Collected data
--*--
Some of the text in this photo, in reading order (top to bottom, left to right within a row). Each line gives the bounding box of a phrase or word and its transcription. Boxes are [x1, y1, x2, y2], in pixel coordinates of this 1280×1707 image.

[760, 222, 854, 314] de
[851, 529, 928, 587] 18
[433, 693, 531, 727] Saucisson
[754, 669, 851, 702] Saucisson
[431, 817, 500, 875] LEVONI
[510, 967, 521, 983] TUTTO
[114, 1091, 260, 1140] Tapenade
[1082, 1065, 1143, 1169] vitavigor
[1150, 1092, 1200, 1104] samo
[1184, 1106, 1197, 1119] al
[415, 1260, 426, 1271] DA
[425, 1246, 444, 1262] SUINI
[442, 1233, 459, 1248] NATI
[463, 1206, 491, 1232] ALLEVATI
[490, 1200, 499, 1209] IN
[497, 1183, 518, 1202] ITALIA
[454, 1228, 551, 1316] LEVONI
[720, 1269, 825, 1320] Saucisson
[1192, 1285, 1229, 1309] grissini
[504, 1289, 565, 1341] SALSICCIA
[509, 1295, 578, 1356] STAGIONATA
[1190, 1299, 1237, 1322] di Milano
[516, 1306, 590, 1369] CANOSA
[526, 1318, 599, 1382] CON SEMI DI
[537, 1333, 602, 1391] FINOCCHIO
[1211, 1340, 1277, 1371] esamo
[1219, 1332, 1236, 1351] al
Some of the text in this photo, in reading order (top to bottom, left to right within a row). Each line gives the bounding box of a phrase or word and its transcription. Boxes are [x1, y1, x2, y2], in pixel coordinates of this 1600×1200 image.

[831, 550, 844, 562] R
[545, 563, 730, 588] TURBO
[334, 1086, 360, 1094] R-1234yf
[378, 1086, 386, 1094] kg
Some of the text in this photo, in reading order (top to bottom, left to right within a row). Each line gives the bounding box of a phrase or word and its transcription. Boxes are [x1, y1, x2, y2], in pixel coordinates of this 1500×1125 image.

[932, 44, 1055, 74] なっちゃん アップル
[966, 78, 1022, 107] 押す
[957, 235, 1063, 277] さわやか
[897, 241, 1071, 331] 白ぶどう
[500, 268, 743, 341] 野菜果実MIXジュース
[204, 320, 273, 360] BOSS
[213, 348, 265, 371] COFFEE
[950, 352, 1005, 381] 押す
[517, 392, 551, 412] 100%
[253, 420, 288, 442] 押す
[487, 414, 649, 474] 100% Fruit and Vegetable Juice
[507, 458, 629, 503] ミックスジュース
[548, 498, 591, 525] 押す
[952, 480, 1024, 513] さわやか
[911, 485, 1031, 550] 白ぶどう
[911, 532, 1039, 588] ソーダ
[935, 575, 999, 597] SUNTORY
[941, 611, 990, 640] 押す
--*--
**Exercise details:**
Output all of the records exactly, with nothing omitted.

**Answer section:**
Some of the text in this photo, in reading order (top to bottom, left to right within a row). Each line gives the bounding box of a phrase or word and its transcription. Boxes are [x1, y1, x2, y2], in pixel coordinates of this 1280×1707 image.

[760, 222, 854, 314] de
[851, 529, 928, 587] 18
[433, 693, 531, 727] Saucisson
[754, 669, 851, 702] Saucisson
[431, 817, 500, 875] LEVONI
[510, 967, 521, 983] TUTTO
[114, 1091, 260, 1140] Tapenade
[1082, 1065, 1143, 1169] vitavigor
[1150, 1092, 1200, 1104] samo
[1184, 1106, 1197, 1119] al
[415, 1260, 426, 1271] DA
[425, 1246, 444, 1262] SUINI
[442, 1233, 459, 1248] NATI
[463, 1206, 491, 1232] ALLEVATI
[490, 1200, 499, 1209] IN
[497, 1183, 518, 1202] ITALIA
[454, 1228, 551, 1316] LEVONI
[720, 1269, 825, 1320] Saucisson
[1192, 1285, 1229, 1309] grissini
[504, 1289, 565, 1341] SALSICCIA
[509, 1295, 578, 1356] STAGIONATA
[1190, 1299, 1237, 1322] di Milano
[516, 1306, 590, 1369] CANOSA
[526, 1318, 599, 1382] CON SEMI DI
[537, 1333, 602, 1391] FINOCCHIO
[1211, 1340, 1277, 1371] esamo
[1219, 1332, 1236, 1351] al
Some of the text in this photo, in reading order (top to bottom, left to right within a row). Each line gives the bounding box of a phrase or word and its transcription. Boxes are [x1, y1, x2, y2], in pixel coordinates of this 1600×1200 image.

[831, 550, 844, 562] R
[545, 563, 730, 588] TURBO
[334, 1086, 360, 1094] R-1234yf
[378, 1086, 386, 1094] kg
Some of the text in this photo, in reading order (top to bottom, left to right within a row). Each line gives the bounding box of a phrase or word and its transcription. Boxes are [x1, y1, x2, y2], in pixel coordinates of this 1500×1125 image.

[932, 44, 1055, 74] なっちゃん アップル
[966, 78, 1022, 107] 押す
[957, 235, 1063, 277] さわやか
[897, 241, 1071, 331] 白ぶどう
[500, 268, 743, 341] 野菜果実MIXジュース
[204, 320, 273, 360] BOSS
[213, 348, 265, 371] COFFEE
[950, 352, 1005, 381] 押す
[517, 392, 551, 412] 100%
[253, 420, 288, 442] 押す
[487, 414, 649, 474] 100% Fruit and Vegetable Juice
[507, 458, 629, 503] ミックスジュース
[548, 498, 591, 525] 押す
[952, 480, 1024, 513] さわやか
[911, 485, 1031, 550] 白ぶどう
[911, 532, 1039, 588] ソーダ
[935, 575, 999, 597] SUNTORY
[941, 611, 990, 640] 押す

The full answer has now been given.